* Task to complete *
Exactly as written, transcribe the lines that run from the one containing "this 1600×1200 image." to the end of the records below.

*** Source data ***

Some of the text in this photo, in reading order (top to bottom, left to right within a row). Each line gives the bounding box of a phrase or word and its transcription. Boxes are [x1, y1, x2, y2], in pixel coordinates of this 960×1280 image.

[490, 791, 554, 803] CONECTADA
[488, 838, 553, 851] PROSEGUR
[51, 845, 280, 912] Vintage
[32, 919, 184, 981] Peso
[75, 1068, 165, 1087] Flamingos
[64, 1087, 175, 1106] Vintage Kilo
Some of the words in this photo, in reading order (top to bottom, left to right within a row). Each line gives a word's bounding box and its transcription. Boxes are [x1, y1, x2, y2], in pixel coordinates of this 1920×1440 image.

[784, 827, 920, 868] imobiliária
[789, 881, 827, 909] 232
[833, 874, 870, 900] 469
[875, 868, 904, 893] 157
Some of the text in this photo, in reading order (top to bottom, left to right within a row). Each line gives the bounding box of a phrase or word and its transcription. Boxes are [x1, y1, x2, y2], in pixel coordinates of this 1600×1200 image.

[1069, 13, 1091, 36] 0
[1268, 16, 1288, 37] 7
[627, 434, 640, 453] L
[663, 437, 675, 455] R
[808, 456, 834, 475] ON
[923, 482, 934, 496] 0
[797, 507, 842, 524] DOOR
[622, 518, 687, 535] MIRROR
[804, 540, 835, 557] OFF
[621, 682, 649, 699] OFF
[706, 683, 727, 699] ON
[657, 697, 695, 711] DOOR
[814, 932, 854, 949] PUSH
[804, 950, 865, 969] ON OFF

***

* The completed task *
Some of the text in this photo, in reading order (top to bottom, left to right within a row). Each line gives the bounding box of a phrase or word and its transcription. Boxes are [x1, y1, x2, y2], in pixel coordinates of this 1600×1200 image.

[1069, 13, 1091, 36] 0
[1268, 16, 1288, 37] 7
[627, 434, 640, 453] L
[663, 437, 675, 455] R
[808, 456, 834, 475] ON
[923, 482, 934, 496] 0
[797, 507, 842, 524] DOOR
[622, 518, 687, 535] MIRROR
[804, 540, 835, 557] OFF
[621, 682, 649, 699] OFF
[706, 683, 727, 699] ON
[657, 697, 695, 711] DOOR
[814, 932, 854, 949] PUSH
[804, 950, 865, 969] ON OFF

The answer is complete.